Arab 'towns' or 'camps'?

When Israeli military forces proactively engaged Arab terrorists in Judea and Samaria a few weeks ago, it was commonplace to read in the media, even Jewish-oriented media, references to “Arab refugee camps,” like “the Balata refugee camp.”  That must have pleased Mr. Arafat.

Why not “the Arab town Balata” or “Balata, the Arab-populated suburb of Nablus”?

Balata is not a camp, with its implications of tents or huts; it has four-story buildings.  Its population has lived there for decades, comprising Arabs who moved from one area of Palestine to another, migrating within the same land.

Many, if not most, of Balata Arabs’ ancestors would have immigrated to Eretz Israel in the first half of the 20th century, drawn by jobs created by enterprising Zionists.  They came from neighboring Arab states across open land frontiers, while British Mandate police controlled Jewish aliyah through seaports.

Balata is near Joseph’s Tomb, a site holy to Jews that was desecrated by local Arabs at the beginning of the Oslo War in autumn 2000.

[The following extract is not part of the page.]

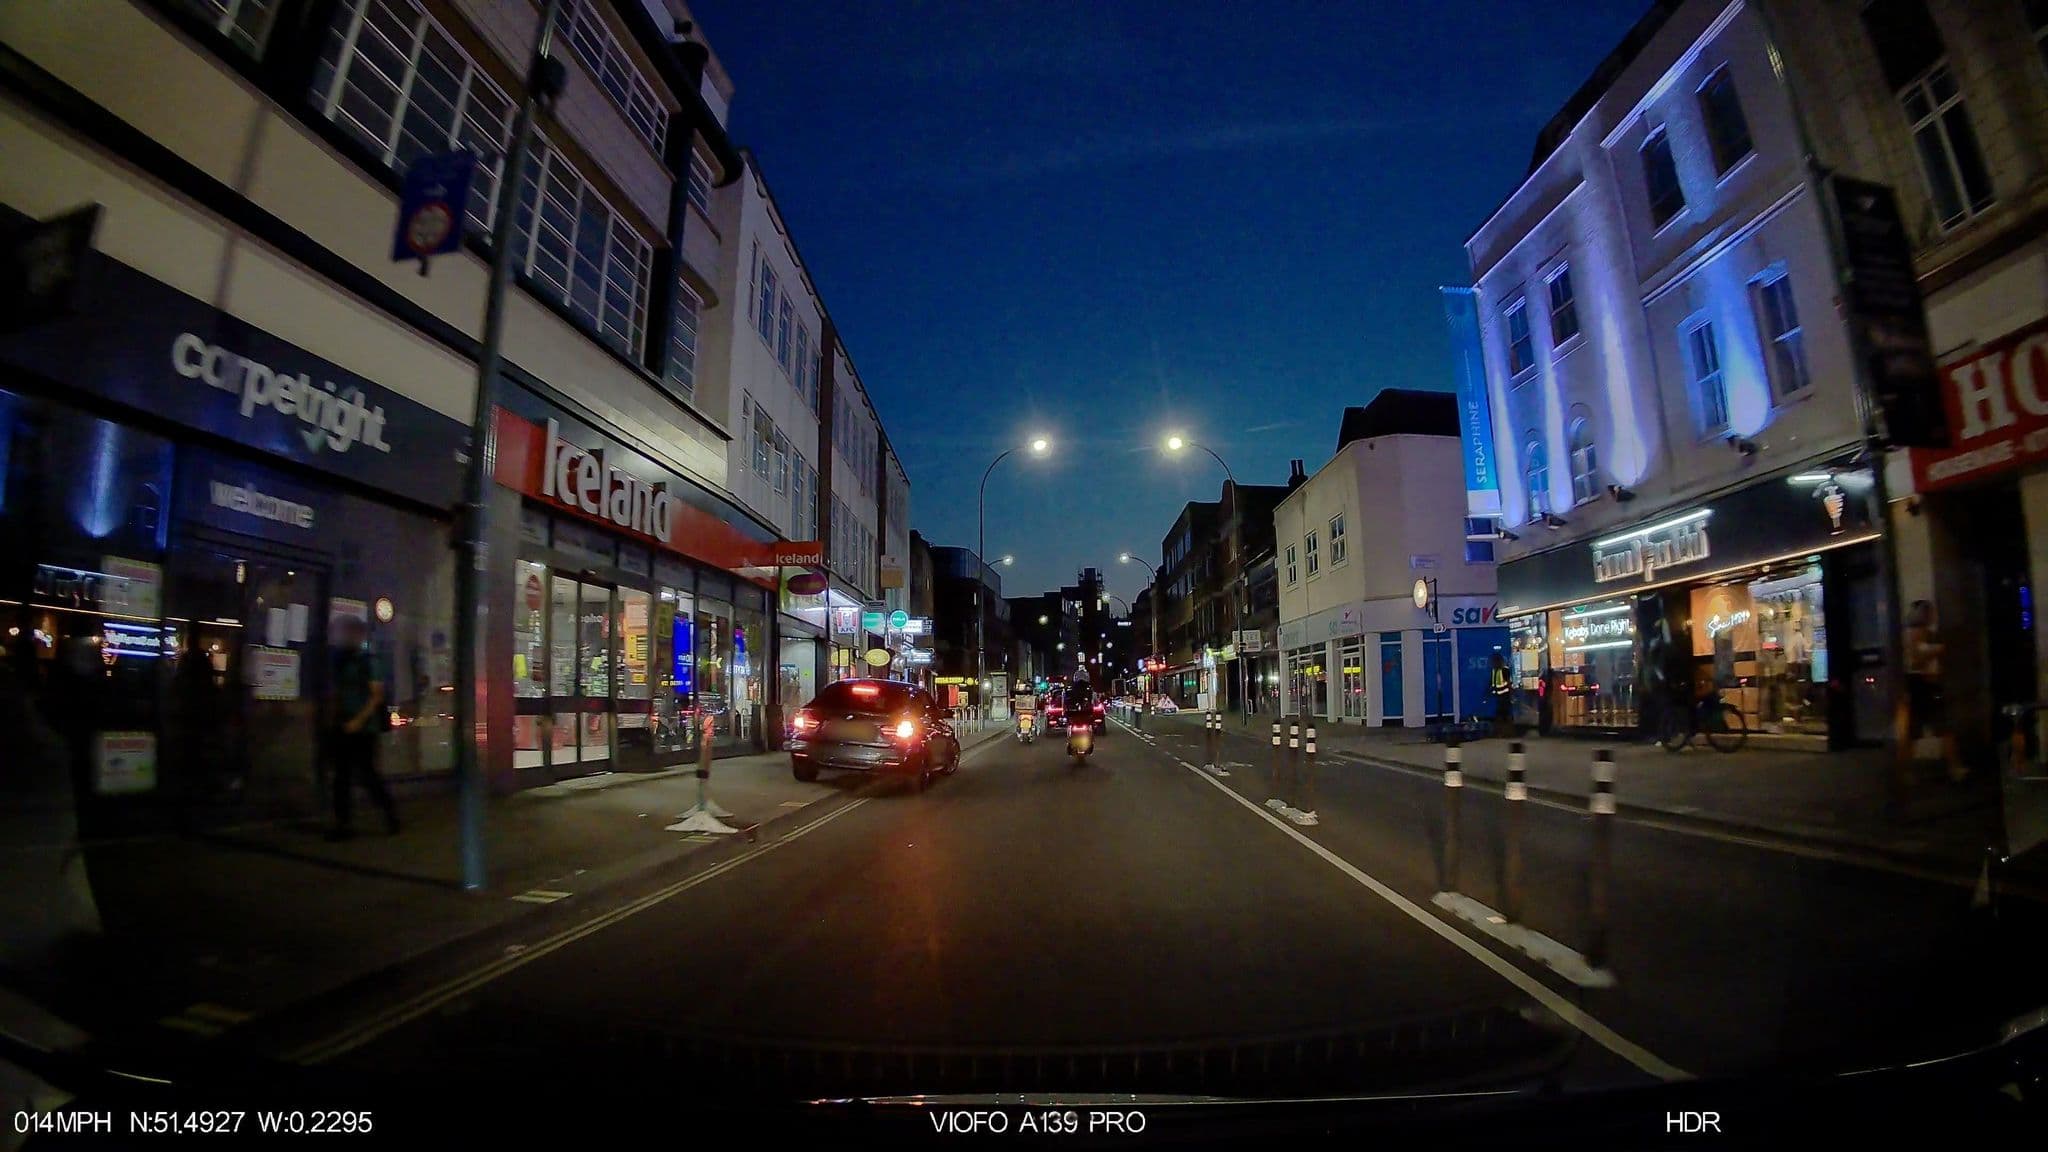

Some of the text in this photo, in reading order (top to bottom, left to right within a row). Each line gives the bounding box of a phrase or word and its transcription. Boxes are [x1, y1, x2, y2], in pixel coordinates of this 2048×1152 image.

Journalists and others who use the term “refugee camp” in place of neutral terminology play into Arab propaganda.  It is easily avoidable.

If one does use the Arab-oriented terminology, then for symmetry, why not call every town in Israel that is populated mostly of Jewish immigrants from Middle Eastern and North African states a “Jewish refugee camp,” alluding to Jews who fled or were forced from racist Arab or Moslem communities and states?